Even without a calendar, the signs of April are obvious. The Cubbies are losing games again. The calla lilies have been in glorious bloom. And Imperative is heading to West Virginia for the Charles Town Classic.
It is hard to imagine a world without both Imperative and the Classic. The race was inaugurated in the spring of 2009, shortly before he was conceived in Kentucky through the breeding of champion Bernardini to the 15-year-old Call Her, a daughter of Caller I.D.
By the time baby Imperative hit the ground in May 2010, the first two runnings of the Classic had been won by a fairy-tale horse named Researcher, who was once a $5,000 giveaway. Researcher ended up winning $1.3 million.
Imperative was one of hundreds of well-bred Darley Stable yearlings in April 2011 when the Charles Town Classic went to Duke of Mischief over Game On Dude and Tizway. A year later, our hero was just learning the ropes as an unraced 2-year-old under Eoin Harty in California when the Classic was won by the old pro Caixa Eletronica, with Duke of Mischief second.
A Thoroughbred must be 4 before he is allowed to tackle the three sharp turns of Charles Town's six-furlong oval in the 1 1/8-mile Classic. Anyway, in the spring of 2013, the 3-year-old version of Imperative was still busy trying to win a maiden race, while Game On Dude returned to West Virginia to beat fellow Californian Clubhouse Ride for the million-dollar payday.

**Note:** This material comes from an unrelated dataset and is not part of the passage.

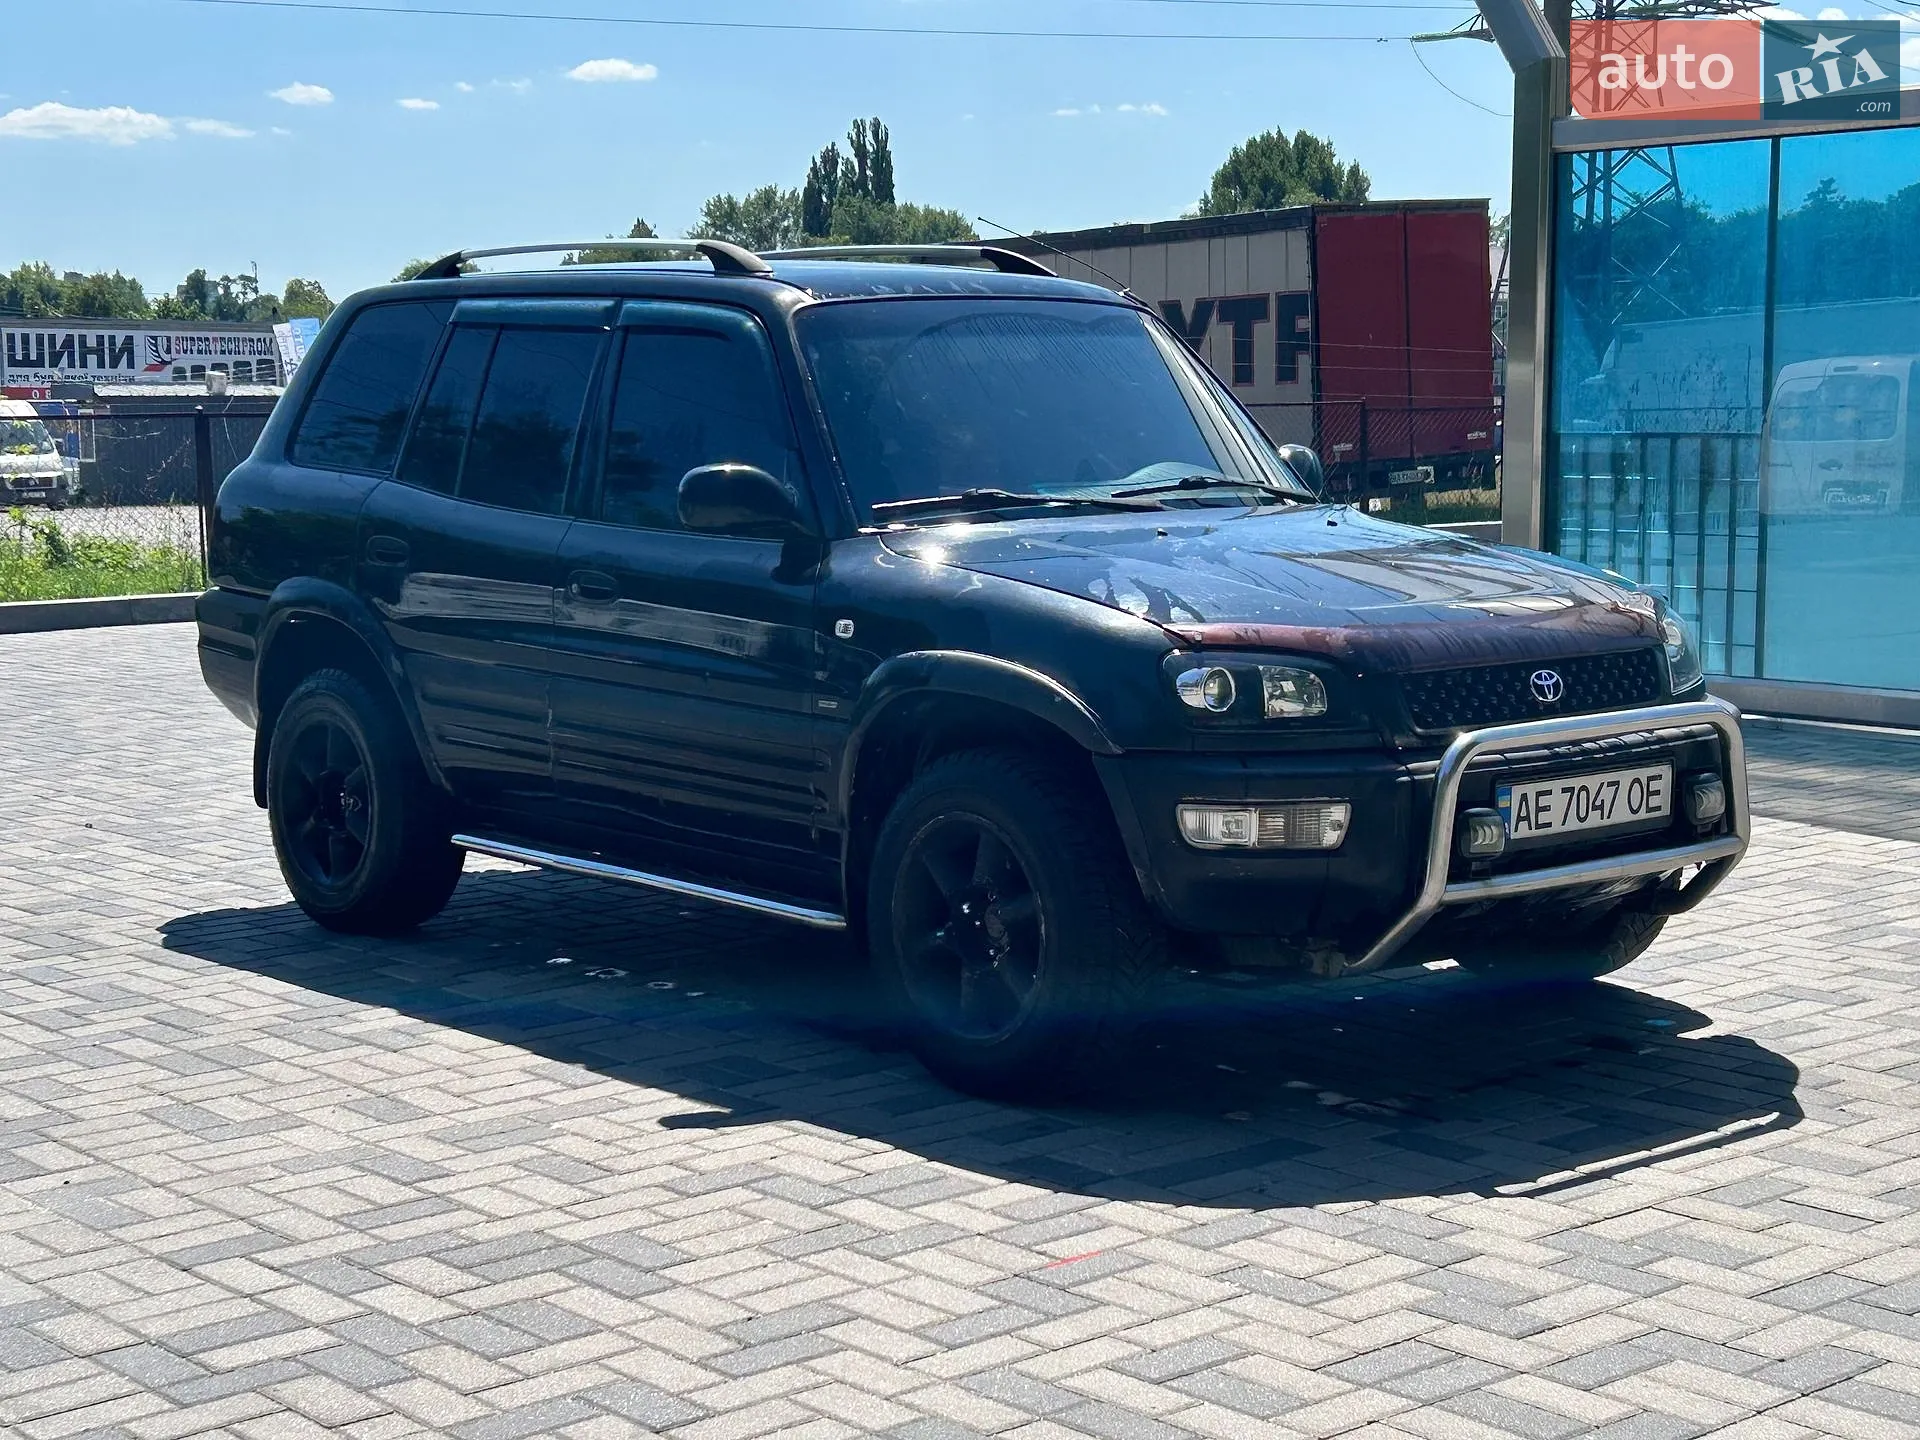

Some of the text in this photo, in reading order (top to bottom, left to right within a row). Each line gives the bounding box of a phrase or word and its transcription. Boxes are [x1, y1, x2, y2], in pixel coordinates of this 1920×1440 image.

[6, 332, 135, 369] ШИНИ
[174, 336, 273, 356] SUPERTECHPROM
[1514, 774, 1662, 833] AE 7047 OE
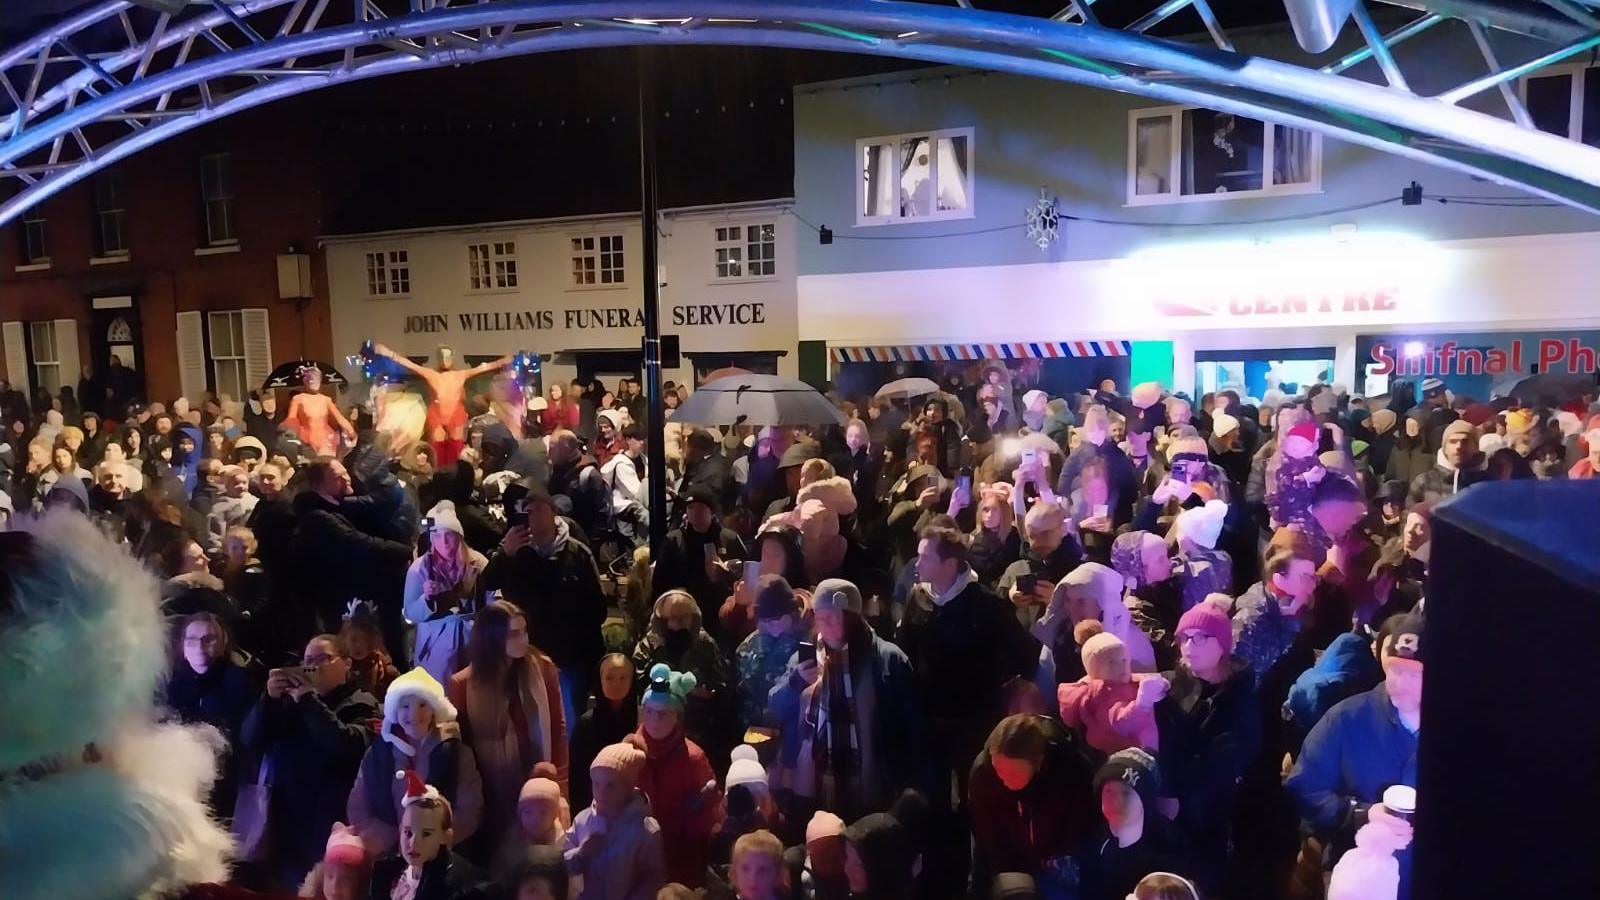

Little did The Dude know that the Age of Imperative was about to begin -- at least in West Virginia. In 2014, Game On Dude ran hard in his defense of his Classic title, but he was no match for Imperative and Kent Desormeaux, winners by 1 1/2 lengths at 26-1.
By then, Imperative was running for trainer George Papaprodromou and owner Kenji Morinaga, who bought him from Darley. They returned to West Virginia in 2015 to defend and left with heads held high and a fat check for second money to the speedy Moreno. If horses could talk (they can't, right?), Imperative would have mumbled something like, "I'll be back," and no one would have batted an eye.
That was Imperative's final start for Papaprodromou. When the horse resurfaced for the 2015 Pacific Classic, he was in the barn of Richard Baltas. He was no match for Beholder that day -- nobody was -- but by the time Imperative was beaten a dirty nose by Hoppertunity in the 2016 San Antonio Stakes, it was clear that he was on his game. He went on to finish fourth in his third trip to Charles Town, beaten four lengths by Stanford.
To date, Imperative has taken $1,342,500 out of the West Virginia economy. Bob Hess trains him now, and he sees no reason why the 7-year-old warrior can't add considerably to that total when he meets Stanford again on Saturday for a purse of $1.25 million.
Hess came into the Imperative picture after Ron Paolucci bought the horse as a possible Pegasus World Cup participant, but he didn't make the field. As a consolation, Imperative defeated Stanford by a head in the Poseidon Stakes on the Pegasus undercard.
The $238,000 that Imperative earned in the Poseidon was about the same as the $250,000 he could have made by finishing up the track against Arrogate, and it looked a lot better. Stanford came back to win a minor stakes at Tampa Bay Downs, while Imperative tried the Santa Anita Handicap and failed miserably.
"He lost a front shoe leaving the gate that day," Hess said this week before heading to West Virginia. "When he went by the first time, his stride was so choppy I knew we were done."
Imperative's feet had been an issue anyway. Hess said Baltas had the horse wearing glue-on shoes, but the hoof walls had improved enough to try conventional plates, which he wore in his Poseidon victory. Now, the glue-on shoes have returned, along with a change of scenery.
"His feet were getting beat up from the firmer surfaces on the West Coast," Hess said. "Ron and I decided to get him out of here after the Handicap and sent him to Keeneland. We utilized the synthetic training track there for his gallops, and he's had two nice works on the main track since he's been there."
Paolucci has tried to surround the Charles Town race with War Story and Cautious Giant as well, and for good measure secured the services of Javier Castellano on Imperative.
"Javier worked him at Keeneland and was very impressed with the horse's demeanor," Hess said. "He's an elegant, classy horse. Very spry. He thinks he's a yearling. He's been in Barn 1 at Keeneland, close to where they have the tailgate parties on the hill. He's checking it out all day long, wanting to go party with the kids."
Inheriting a classy but well-used horse like Imperative late in his 6-year-old season holds no guarantee for success. The cumulative effects of minor injuries adds up, and the wear and tear of training takes its toll.
"The fact that Eoin Harty had him as a young horse and protected him as a kid, he's reaping the rewards of that treatment now at age 7," Hess said. "He's as healthy and happy as he could be, so I have no doubt he's still got some very good races to run."